▶ SOURCE DATA
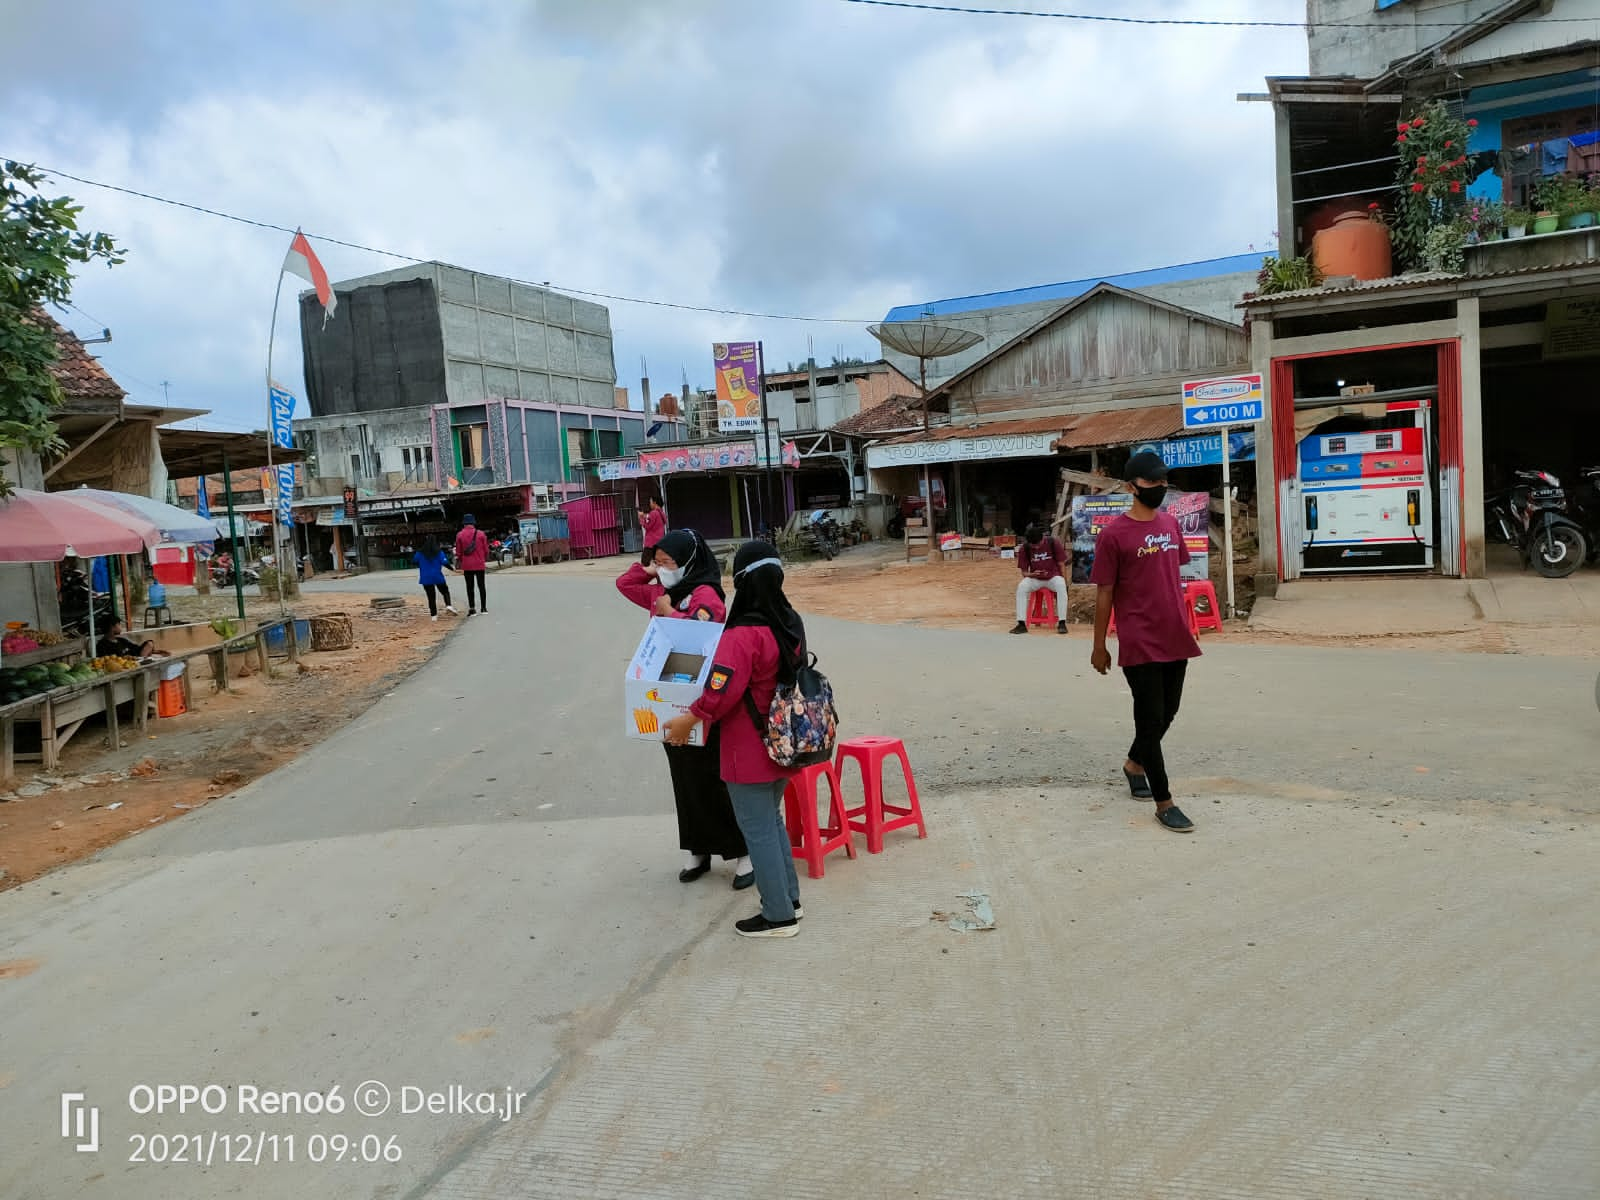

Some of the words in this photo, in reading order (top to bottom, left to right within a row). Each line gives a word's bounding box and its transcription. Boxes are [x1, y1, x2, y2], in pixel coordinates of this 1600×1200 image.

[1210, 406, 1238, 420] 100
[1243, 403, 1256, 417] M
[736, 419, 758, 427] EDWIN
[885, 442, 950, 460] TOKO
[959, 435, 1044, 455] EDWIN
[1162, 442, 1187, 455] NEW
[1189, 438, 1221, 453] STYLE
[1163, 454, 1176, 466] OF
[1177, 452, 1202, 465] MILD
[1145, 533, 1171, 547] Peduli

▶ YOUR ASSIGNMENT
Please give an exact printout of all the records, pictures aside.

▶ RESULT OF THIS EXERCISE
Some of the words in this photo, in reading order (top to bottom, left to right within a row). Each line gives a word's bounding box and its transcription. Boxes are [x1, y1, x2, y2], in pixel coordinates of this 1600×1200 image.

[1210, 406, 1238, 420] 100
[1243, 403, 1256, 417] M
[736, 419, 758, 427] EDWIN
[885, 442, 950, 460] TOKO
[959, 435, 1044, 455] EDWIN
[1162, 442, 1187, 455] NEW
[1189, 438, 1221, 453] STYLE
[1163, 454, 1176, 466] OF
[1177, 452, 1202, 465] MILD
[1145, 533, 1171, 547] Peduli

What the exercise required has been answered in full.